The “soap” that you buy at the grocery store usually isn’t really soap at all.  It’s actually the end product of combining processed chemicals and petroleum-based ingredients and then stripping out the beneficial glycerin in order to sell it back to you as lotion.  What you are actually paying for is detergent and this can mean trouble for your skin.

Each of our soaps are made with love, hand cut and cured from 3 to 4 weeks before being brought to market.  The curing process allows the soap to lose any excess moisture and become a harder, milder and longer lasting bar.  They are then packaged and labeled, ready for our next event.

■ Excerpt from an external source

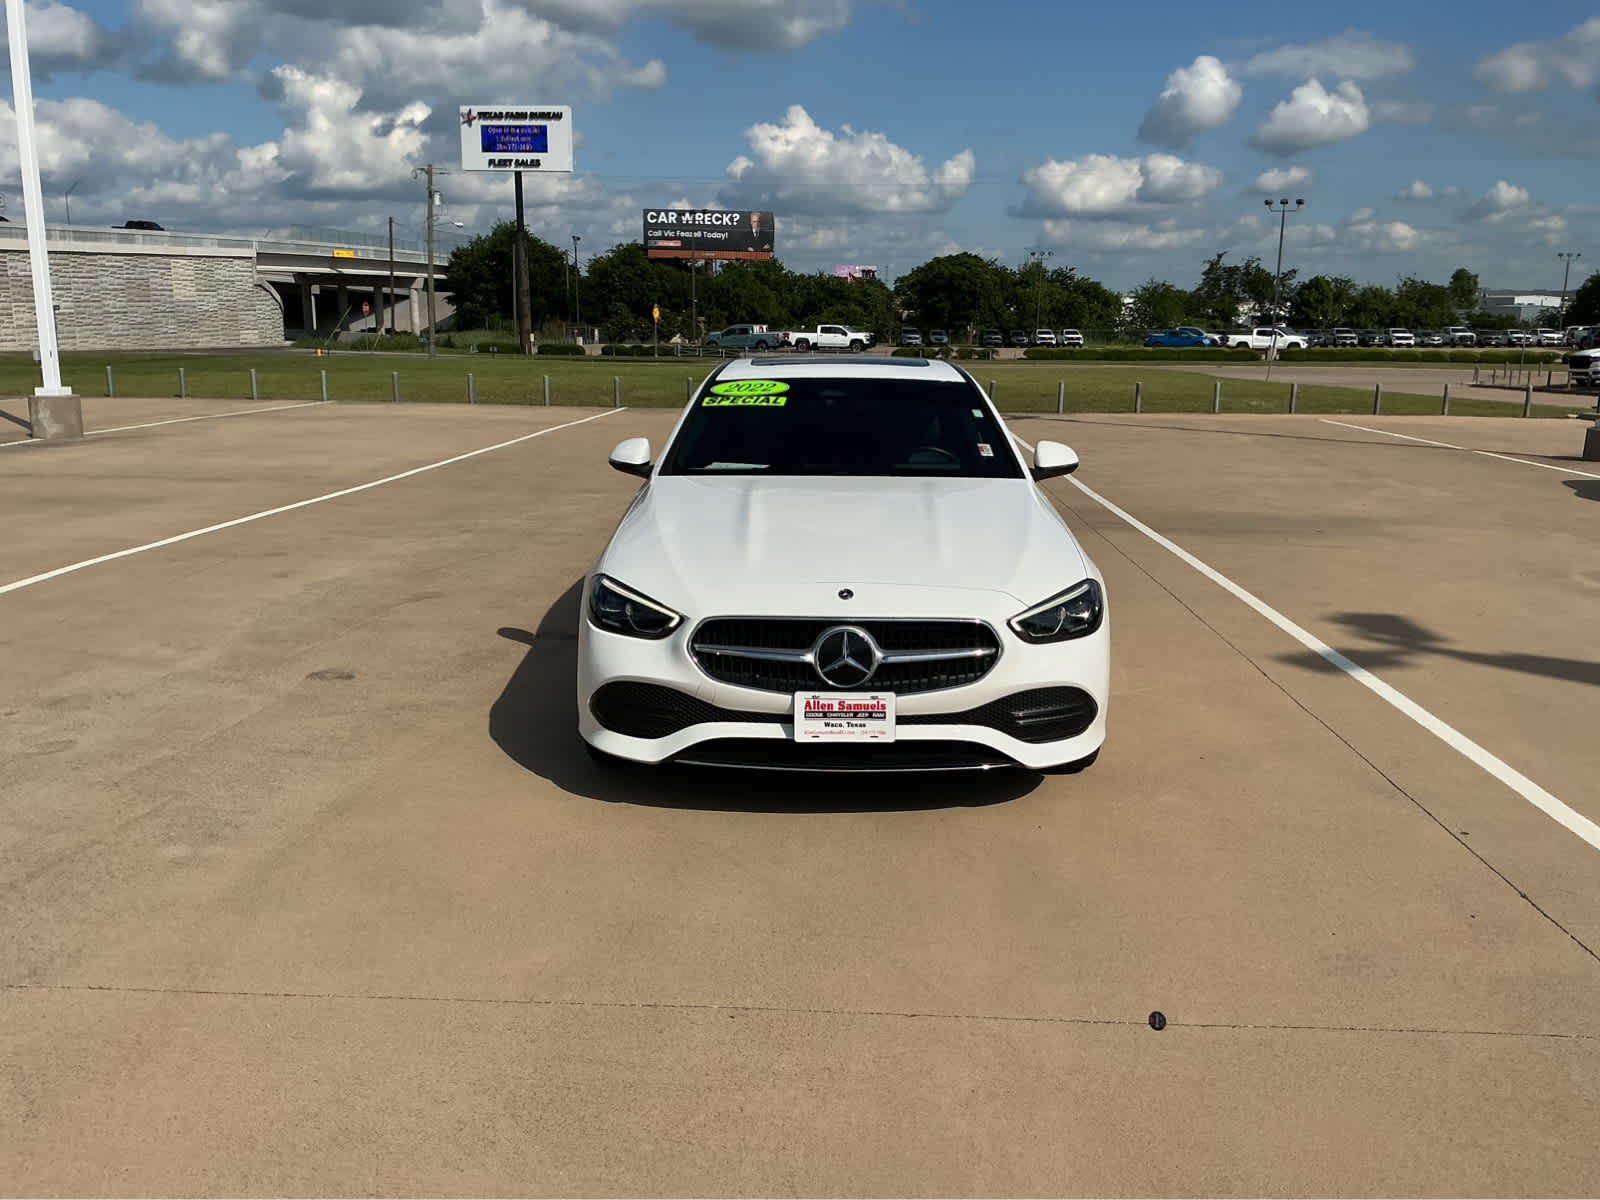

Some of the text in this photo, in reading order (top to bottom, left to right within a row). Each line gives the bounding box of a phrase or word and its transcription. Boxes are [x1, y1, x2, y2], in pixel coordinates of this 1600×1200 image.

We take great pride in our products, and sincerely hope that you love them as much as we do!

Both science and history document that, although rare, soap is indeed found in nature. However, the “True Soap” we see for sale in stores, is made by combining fat from plants or animals and an alkali, called “lye”.

Lye refers to sodium hydroxide [aka caustic soda, chemical formula NaOH] or potassium hydroxide [aka caustic potash, chemical formula KOH]. When combined, this chemical reaction called saponification occurs; resulting in soap [an alkali salt of fatty acids] and glycerin being produced.

The handmade soap maker leaves the glycerin in their soap. In commercial soap making, this ingredient is often removed and sold as a by-product.

Many people consider soap to be a synthetic product since it is the result of a chemical reaction between fats and lye, and/or because lye is usually manufactured in a factory setting in modern times, and some consider it to be synthetic. However, the lye, used to make soap, is no longer in the soap in the form of an ingredient in the finished consumer product.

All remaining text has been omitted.